License: GNU Lesser General Public License v3.0

Shell 0.11% C++ 3.73% Python 94.04% Makefile 0.12% CMake 0.12% Cython 1.87%

spectraldns's Introduction

spectralDNS

Codacy Badge CI

Isotropic turbulence

Isotropic turbulence with Re_lambda=128 computed using the NS solver and a mesh of size 300**3 is physical space.

Description

spectralDNS contains a classical high-performance pseudo-spectral Navier-Stokes DNS solver for triply periodic domains. The most notable feature of this solver is that it's written entirely in Python using NumPy, MPI for Python (mpi4py) and pyFFTW. MPI decomposition is performed using either the "slab" or the "pencil" approach and, stripping away unnecessary pre- and post-processing steps, the slab solver is no more than 100 lines long, including the MPI. The code has been found to scale very well in tests on the Shaheen Blue Gene/P supercomputer at KAUST Supercomputing Laboratory. Results of both weak and strong scaling tests are shown below. In addition to incompressible Navier-Stokes there are also solvers for MHD and Navier-Stokes or MHD with variable density through a Boussinesq approximation. The solver is described more thoroughly in this paper:

M. Mortensen and H. P. Langtangen "High performance Python for direct numerical simulations of turbulent flows", Computer Physics Communications 203, p 53-65 (2016) http://arxiv.org/pdf/1602.03638v1.pdf

The efficiency of the pure NumPy/mpi4py solver has been enhanced using Cython for certain routines. The strong scaling results on Shaheen shown below have used the optimized Python/Cython solver, which is found to be faster than a pure C++ implementation of the same solver.

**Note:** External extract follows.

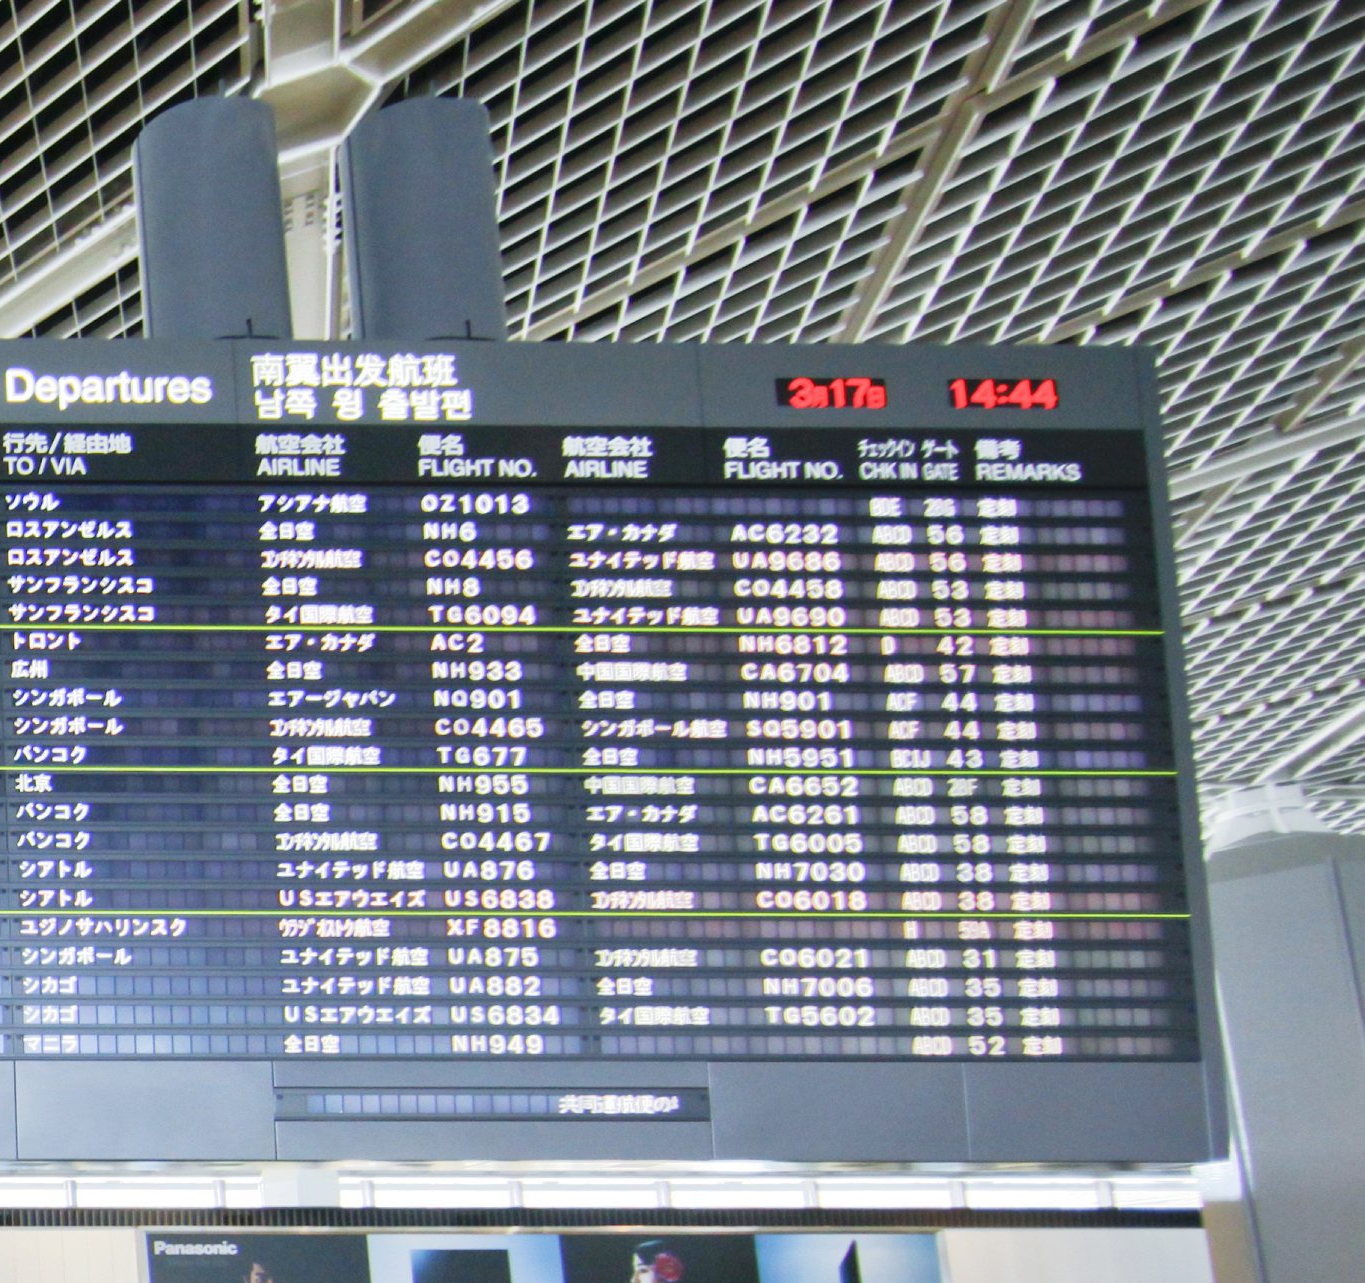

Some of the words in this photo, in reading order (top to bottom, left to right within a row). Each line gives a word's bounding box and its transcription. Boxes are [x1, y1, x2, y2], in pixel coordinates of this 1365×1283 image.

A channel flow solver is implemented using the Shen basis (Jie Shen, SIAM Journal on Scientific Computing, 16, 74-87, 1995) for the scheme described by Kim, Moin and Moser (J. Fluid Mechanics, Vol 177, 133-166, 1987). The solver is described here: https://arxiv.org/pdf/1701.03787v1.pdf

Installation

spectralDNS contains a setup.py script and can be installed by cloning or forking the repository and then with regular python distutils

python setup.py install --prefix="path used for installation. Must be on the PYTHONPATH"

or in-place using

python setup.py build_ext --inplace

However, spectralDNS depends on two other modules in the spectralDNS organization: shenfun and mpi4py-fft. And besides that, it requires h5py built with parallel HDF5, for visualizing the results, and cython, numba or pythran are used to optimize a few routines. These dependencies are all available on conda forge and a proper environment would be

conda create --name spectralDNS -c conda-forge shenfun mpi4py-fft cython numba pythran mpich pip h5py=*=mpi*
conda activate spectralDNS

Furthermore, you may want to use matplotlib for plotting and nodepy is used for some of the integrators. The latter should be installed using pypi

pip install nodepy

Another possibility is to compile spectralDNS yourselves using conda build. From the main directory after forking or cloning do, e.g.,

conda build -c conda-forge conf/conda
conda install spectralDNS --use-local

which will also build and install the required dependencies.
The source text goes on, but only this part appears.